[Stored entries]
◇ ◇ ◇

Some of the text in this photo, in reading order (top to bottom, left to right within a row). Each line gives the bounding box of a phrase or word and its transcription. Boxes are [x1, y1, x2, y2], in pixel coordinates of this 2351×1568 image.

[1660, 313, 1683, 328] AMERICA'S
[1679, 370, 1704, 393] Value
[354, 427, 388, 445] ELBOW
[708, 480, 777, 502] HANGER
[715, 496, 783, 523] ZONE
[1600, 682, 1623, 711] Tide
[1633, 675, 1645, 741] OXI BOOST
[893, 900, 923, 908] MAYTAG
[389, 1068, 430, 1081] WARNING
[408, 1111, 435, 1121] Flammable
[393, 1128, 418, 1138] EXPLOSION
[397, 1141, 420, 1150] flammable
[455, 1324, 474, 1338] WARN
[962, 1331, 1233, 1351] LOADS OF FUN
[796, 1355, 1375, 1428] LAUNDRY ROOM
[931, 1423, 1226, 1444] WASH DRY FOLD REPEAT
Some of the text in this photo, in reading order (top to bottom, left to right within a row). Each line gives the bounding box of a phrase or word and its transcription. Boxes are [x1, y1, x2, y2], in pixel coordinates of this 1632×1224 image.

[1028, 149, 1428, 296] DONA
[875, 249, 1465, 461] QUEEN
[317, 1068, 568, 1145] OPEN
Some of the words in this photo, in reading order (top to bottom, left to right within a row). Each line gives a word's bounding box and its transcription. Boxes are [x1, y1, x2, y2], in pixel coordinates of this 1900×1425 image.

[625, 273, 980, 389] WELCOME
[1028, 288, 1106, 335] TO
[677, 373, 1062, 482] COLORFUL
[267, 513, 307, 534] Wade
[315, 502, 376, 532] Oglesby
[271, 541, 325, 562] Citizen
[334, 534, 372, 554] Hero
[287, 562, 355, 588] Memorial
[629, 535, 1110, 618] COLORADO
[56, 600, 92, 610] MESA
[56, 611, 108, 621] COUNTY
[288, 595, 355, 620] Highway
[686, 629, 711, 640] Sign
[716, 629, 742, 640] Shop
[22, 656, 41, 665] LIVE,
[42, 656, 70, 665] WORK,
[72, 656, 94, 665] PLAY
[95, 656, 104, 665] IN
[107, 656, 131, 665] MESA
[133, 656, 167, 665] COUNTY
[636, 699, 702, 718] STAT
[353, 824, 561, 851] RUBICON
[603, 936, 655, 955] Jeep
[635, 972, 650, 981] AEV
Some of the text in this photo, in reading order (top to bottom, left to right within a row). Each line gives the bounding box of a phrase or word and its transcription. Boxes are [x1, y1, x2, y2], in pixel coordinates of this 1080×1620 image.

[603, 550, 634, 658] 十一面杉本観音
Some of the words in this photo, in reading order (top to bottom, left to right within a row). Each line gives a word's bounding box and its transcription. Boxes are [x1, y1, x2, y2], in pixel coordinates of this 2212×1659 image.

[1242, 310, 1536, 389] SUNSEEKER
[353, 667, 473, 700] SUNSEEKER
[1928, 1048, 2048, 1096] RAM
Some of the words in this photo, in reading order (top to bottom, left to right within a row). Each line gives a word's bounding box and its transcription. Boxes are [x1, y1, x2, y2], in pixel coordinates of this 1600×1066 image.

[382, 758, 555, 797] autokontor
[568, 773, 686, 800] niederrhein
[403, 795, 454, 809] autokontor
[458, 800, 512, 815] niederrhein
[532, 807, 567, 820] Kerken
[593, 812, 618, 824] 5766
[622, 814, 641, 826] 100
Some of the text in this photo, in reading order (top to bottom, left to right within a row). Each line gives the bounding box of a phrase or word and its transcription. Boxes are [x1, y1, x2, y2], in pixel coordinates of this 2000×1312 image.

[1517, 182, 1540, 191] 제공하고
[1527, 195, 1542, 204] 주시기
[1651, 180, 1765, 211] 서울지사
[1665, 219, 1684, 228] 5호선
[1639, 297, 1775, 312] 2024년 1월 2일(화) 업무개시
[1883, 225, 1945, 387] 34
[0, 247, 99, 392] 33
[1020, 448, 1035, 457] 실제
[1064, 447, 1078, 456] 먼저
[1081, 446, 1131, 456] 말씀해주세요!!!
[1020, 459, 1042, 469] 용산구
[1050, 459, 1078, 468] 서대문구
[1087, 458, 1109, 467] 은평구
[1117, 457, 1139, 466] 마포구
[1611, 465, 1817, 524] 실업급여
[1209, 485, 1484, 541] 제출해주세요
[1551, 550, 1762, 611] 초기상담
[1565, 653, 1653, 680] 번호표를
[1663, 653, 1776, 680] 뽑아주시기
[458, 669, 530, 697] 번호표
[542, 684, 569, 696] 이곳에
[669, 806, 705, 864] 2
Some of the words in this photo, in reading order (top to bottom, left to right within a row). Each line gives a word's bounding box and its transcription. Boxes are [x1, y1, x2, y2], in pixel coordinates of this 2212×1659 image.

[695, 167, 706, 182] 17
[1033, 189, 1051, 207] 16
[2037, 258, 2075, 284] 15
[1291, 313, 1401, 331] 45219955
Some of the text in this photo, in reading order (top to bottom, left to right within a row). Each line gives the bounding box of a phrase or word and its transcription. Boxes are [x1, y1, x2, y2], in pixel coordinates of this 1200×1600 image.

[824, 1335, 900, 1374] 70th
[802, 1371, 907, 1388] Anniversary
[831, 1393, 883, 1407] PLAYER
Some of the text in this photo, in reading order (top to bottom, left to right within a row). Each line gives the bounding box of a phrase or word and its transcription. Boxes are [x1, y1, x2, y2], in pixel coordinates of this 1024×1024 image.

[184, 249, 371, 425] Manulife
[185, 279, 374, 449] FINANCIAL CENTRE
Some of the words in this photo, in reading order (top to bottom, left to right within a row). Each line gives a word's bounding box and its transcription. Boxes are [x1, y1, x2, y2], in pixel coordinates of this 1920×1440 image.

◇ ◇ ◇

● TASK STATEMENT:
Going line by line, copy the data above exactly.

● WRITTEN SOLUTION:
Some of the text in this photo, in reading order (top to bottom, left to right within a row). Each line gives the bounding box of a phrase or word and its transcription. Boxes are [x1, y1, x2, y2], in pixel coordinates of this 2351×1568 image.

[1660, 313, 1683, 328] AMERICA'S
[1679, 370, 1704, 393] Value
[354, 427, 388, 445] ELBOW
[708, 480, 777, 502] HANGER
[715, 496, 783, 523] ZONE
[1600, 682, 1623, 711] Tide
[1633, 675, 1645, 741] OXI BOOST
[893, 900, 923, 908] MAYTAG
[389, 1068, 430, 1081] WARNING
[408, 1111, 435, 1121] Flammable
[393, 1128, 418, 1138] EXPLOSION
[397, 1141, 420, 1150] flammable
[455, 1324, 474, 1338] WARN
[962, 1331, 1233, 1351] LOADS OF FUN
[796, 1355, 1375, 1428] LAUNDRY ROOM
[931, 1423, 1226, 1444] WASH DRY FOLD REPEAT
Some of the text in this photo, in reading order (top to bottom, left to right within a row). Each line gives the bounding box of a phrase or word and its transcription. Boxes are [x1, y1, x2, y2], in pixel coordinates of this 1632×1224 image.

[1028, 149, 1428, 296] DONA
[875, 249, 1465, 461] QUEEN
[317, 1068, 568, 1145] OPEN
Some of the words in this photo, in reading order (top to bottom, left to right within a row). Each line gives a word's bounding box and its transcription. Boxes are [x1, y1, x2, y2], in pixel coordinates of this 1900×1425 image.

[625, 273, 980, 389] WELCOME
[1028, 288, 1106, 335] TO
[677, 373, 1062, 482] COLORFUL
[267, 513, 307, 534] Wade
[315, 502, 376, 532] Oglesby
[271, 541, 325, 562] Citizen
[334, 534, 372, 554] Hero
[287, 562, 355, 588] Memorial
[629, 535, 1110, 618] COLORADO
[56, 600, 92, 610] MESA
[56, 611, 108, 621] COUNTY
[288, 595, 355, 620] Highway
[686, 629, 711, 640] Sign
[716, 629, 742, 640] Shop
[22, 656, 41, 665] LIVE,
[42, 656, 70, 665] WORK,
[72, 656, 94, 665] PLAY
[95, 656, 104, 665] IN
[107, 656, 131, 665] MESA
[133, 656, 167, 665] COUNTY
[636, 699, 702, 718] STAT
[353, 824, 561, 851] RUBICON
[603, 936, 655, 955] Jeep
[635, 972, 650, 981] AEV
Some of the text in this photo, in reading order (top to bottom, left to right within a row). Each line gives the bounding box of a phrase or word and its transcription. Boxes are [x1, y1, x2, y2], in pixel coordinates of this 1080×1620 image.

[603, 550, 634, 658] 十一面杉本観音
Some of the words in this photo, in reading order (top to bottom, left to right within a row). Each line gives a word's bounding box and its transcription. Boxes are [x1, y1, x2, y2], in pixel coordinates of this 2212×1659 image.

[1242, 310, 1536, 389] SUNSEEKER
[353, 667, 473, 700] SUNSEEKER
[1928, 1048, 2048, 1096] RAM
Some of the words in this photo, in reading order (top to bottom, left to right within a row). Each line gives a word's bounding box and its transcription. Boxes are [x1, y1, x2, y2], in pixel coordinates of this 1600×1066 image.

[382, 758, 555, 797] autokontor
[568, 773, 686, 800] niederrhein
[403, 795, 454, 809] autokontor
[458, 800, 512, 815] niederrhein
[532, 807, 567, 820] Kerken
[593, 812, 618, 824] 5766
[622, 814, 641, 826] 100
Some of the text in this photo, in reading order (top to bottom, left to right within a row). Each line gives the bounding box of a phrase or word and its transcription. Boxes are [x1, y1, x2, y2], in pixel coordinates of this 2000×1312 image.

[1517, 182, 1540, 191] 제공하고
[1527, 195, 1542, 204] 주시기
[1651, 180, 1765, 211] 서울지사
[1665, 219, 1684, 228] 5호선
[1639, 297, 1775, 312] 2024년 1월 2일(화) 업무개시
[1883, 225, 1945, 387] 34
[0, 247, 99, 392] 33
[1020, 448, 1035, 457] 실제
[1064, 447, 1078, 456] 먼저
[1081, 446, 1131, 456] 말씀해주세요!!!
[1020, 459, 1042, 469] 용산구
[1050, 459, 1078, 468] 서대문구
[1087, 458, 1109, 467] 은평구
[1117, 457, 1139, 466] 마포구
[1611, 465, 1817, 524] 실업급여
[1209, 485, 1484, 541] 제출해주세요
[1551, 550, 1762, 611] 초기상담
[1565, 653, 1653, 680] 번호표를
[1663, 653, 1776, 680] 뽑아주시기
[458, 669, 530, 697] 번호표
[542, 684, 569, 696] 이곳에
[669, 806, 705, 864] 2
Some of the words in this photo, in reading order (top to bottom, left to right within a row). Each line gives a word's bounding box and its transcription. Boxes are [x1, y1, x2, y2], in pixel coordinates of this 2212×1659 image.

[695, 167, 706, 182] 17
[1033, 189, 1051, 207] 16
[2037, 258, 2075, 284] 15
[1291, 313, 1401, 331] 45219955
Some of the text in this photo, in reading order (top to bottom, left to right within a row). Each line gives the bounding box of a phrase or word and its transcription. Boxes are [x1, y1, x2, y2], in pixel coordinates of this 1200×1600 image.

[824, 1335, 900, 1374] 70th
[802, 1371, 907, 1388] Anniversary
[831, 1393, 883, 1407] PLAYER
Some of the text in this photo, in reading order (top to bottom, left to right within a row). Each line gives the bounding box of a phrase or word and its transcription. Boxes are [x1, y1, x2, y2], in pixel coordinates of this 1024×1024 image.

[184, 249, 371, 425] Manulife
[185, 279, 374, 449] FINANCIAL CENTRE
Some of the words in this photo, in reading order (top to bottom, left to right within a row). Each line gives a word's bounding box and its transcription. Boxes are [x1, y1, x2, y2], in pixel coordinates of this 1920×1440 image.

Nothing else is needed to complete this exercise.